Allstate Touts Direct Sales With Mailer
Allstate, Northbrook, IL, began selling auto insurance and offering free quotes to Oregon residents via its Web site on May 1.
The company will use direct mail as part of the campaign to introduce its new business model, called the Good Hands Network, which combines direct sales channels with its traditional agent-based system.
As the company rolls out its new business model to additional states, it also plans more mailings to get the message out that consumers can take care of their auto insurance needs on the Web or by telephone. These mailings will go out 30 days after each state comes online.
The company conducted some test mailings in May and will use the results to create targeted offers for Oregon consumers, said Laura Dunne, assistant vice president of marketing at Allstate.
"There will be very specific offers to specific customers," she said. "There will be cross-sell offers to existing customers and discounts that are targeted to high-value customers that we've identified through various screening techniques."
A key component of the company's strategy, however, will be to maintain a consistent level of pricing for consumers whether they choose to go through an agent or purchase directly from Allstate.
As of late May, Allstate had not determined how many pieces it would drop in the June mailing. Dunne indicated, however, that direct mail would become a more important component of Allstate's marketing mix.
"We'll be doing a lot more mailings at the corporate level, and we will be doing them on a much more systematic, cost-effective basis," she said.

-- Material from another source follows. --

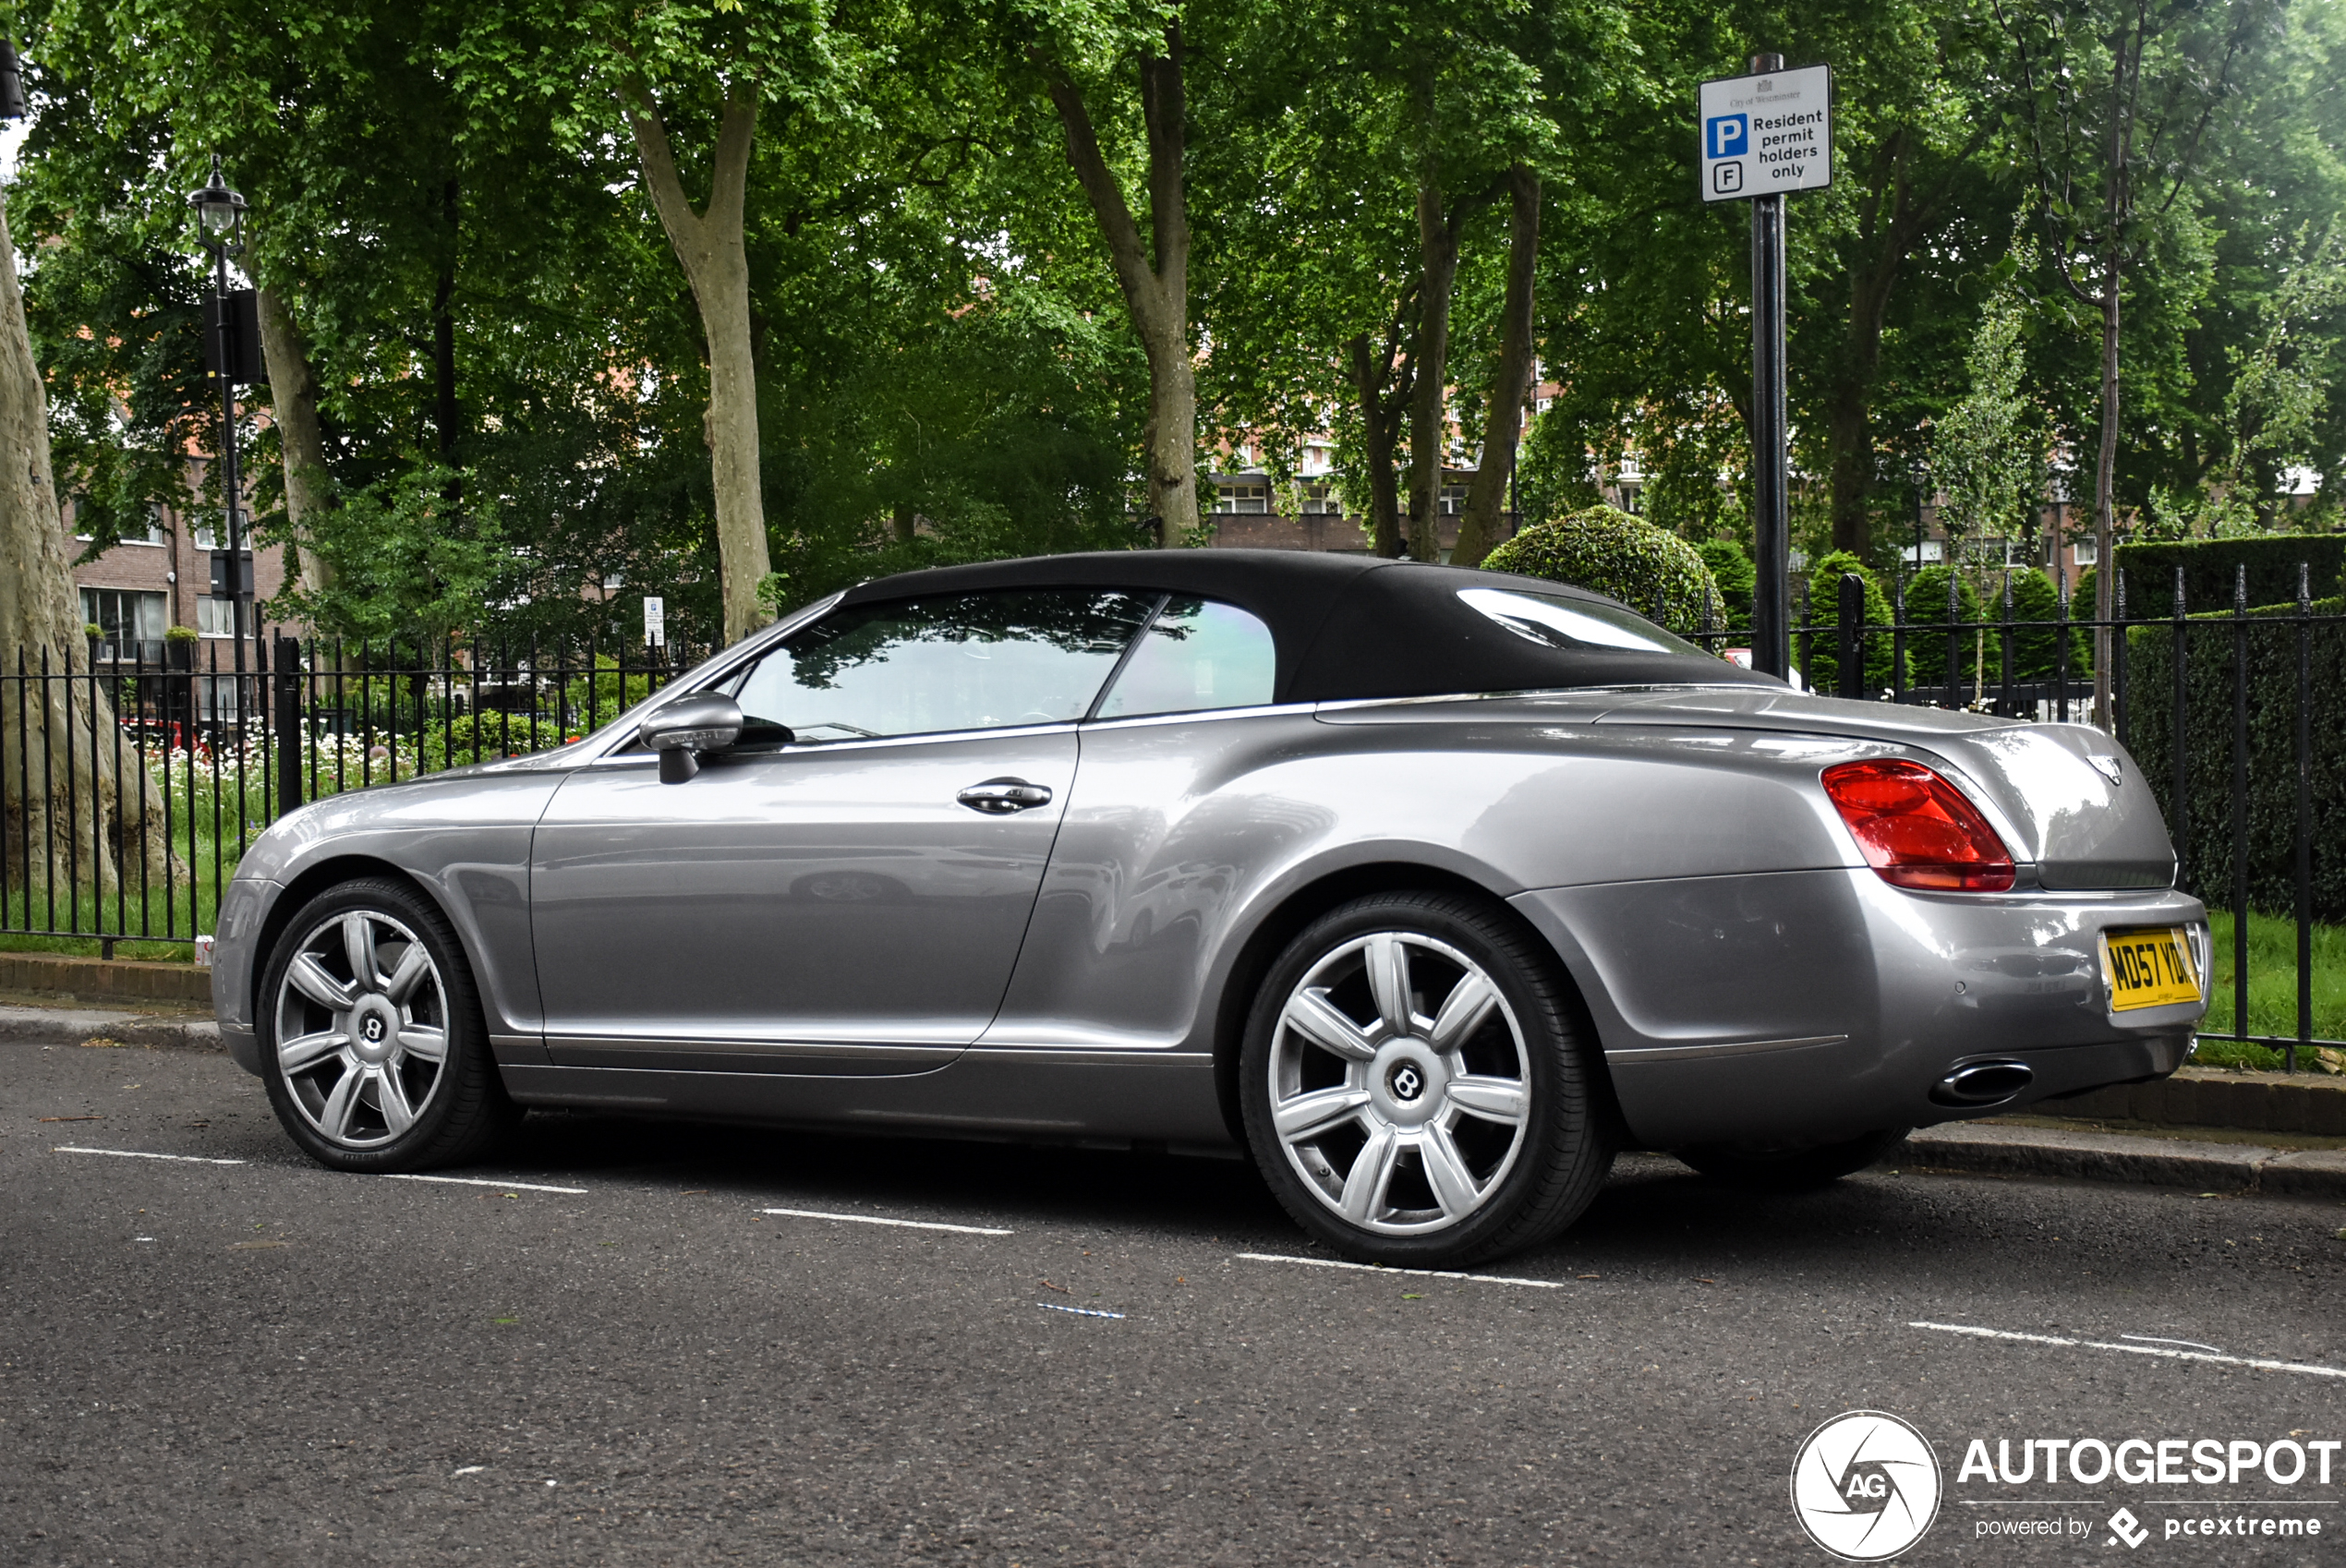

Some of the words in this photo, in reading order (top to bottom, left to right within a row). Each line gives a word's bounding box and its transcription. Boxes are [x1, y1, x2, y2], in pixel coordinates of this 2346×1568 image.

Previous Allstate mailings had been carried out primarily at the agent level.
All advertising materials will include the Good Hands Network logo along with the Web site address, www.allstate.com, and the company's toll-free number, 1-800-Allstate. Direct mail pieces also will have contact information for local agents.
Allstate will assign new policyholders to a local agent, who then can earn commissions by either cross-selling or up-selling products. Agents voiced their concerns about the strategy at the company's annual meeting May 18, saying their commissions would be too low to continue as agents. The company reportedly expects to lose up to 15 percent of its agents because of the direct sales effort.
The company, which is in the midst of a massive restructuring, has brought some direct marketing talent into the organization and has retained a direct marketing agency, Digitas, Boston, which assisted in the creation of the company's first piece.
Jeff Lewis, vice president of multi-access integration at Allstate, said the Web site received 500 requests for quotes per day during its first few weeks of operation, although few people actually sought to make a purchase.
After Louisiana and Colorado come online in July, Allstate plans to add Arizona, Illinois, Missouri and Ohio in September; Georgia, Indiana and Michigan in October; Alabama, Maryland and Virginia in November; and Florida and Tennessee in December. All 50 states are expected to be online by the end of 2001.
As each state comes online, Allstate also is making the Web site available to existing policyholders, who can use the Web to view their policies and make changes, such as adding another vehicle, via e-mail.
Company executives said they will add six new contact centers during the next two years that will be dedicated to supporting the direct sales initiatives. The first center, which employs 150 sales representatives, opened May 1 in Vernon Hills, IL, to support the debut of the Web site in Oregon.
"We envision [the Vernon Hills center] as being a beta-test center near our home office, where we can test new ideas and concepts and then bring them into our other call centers, which will be larger," said Lynn Diegel, assistant vice president of customer information centers at Allstate.
Another center is slated to open this summer in Charlotte, NC, followed by two in September -- one in Stockton, CA, and another in Woodridge, IL.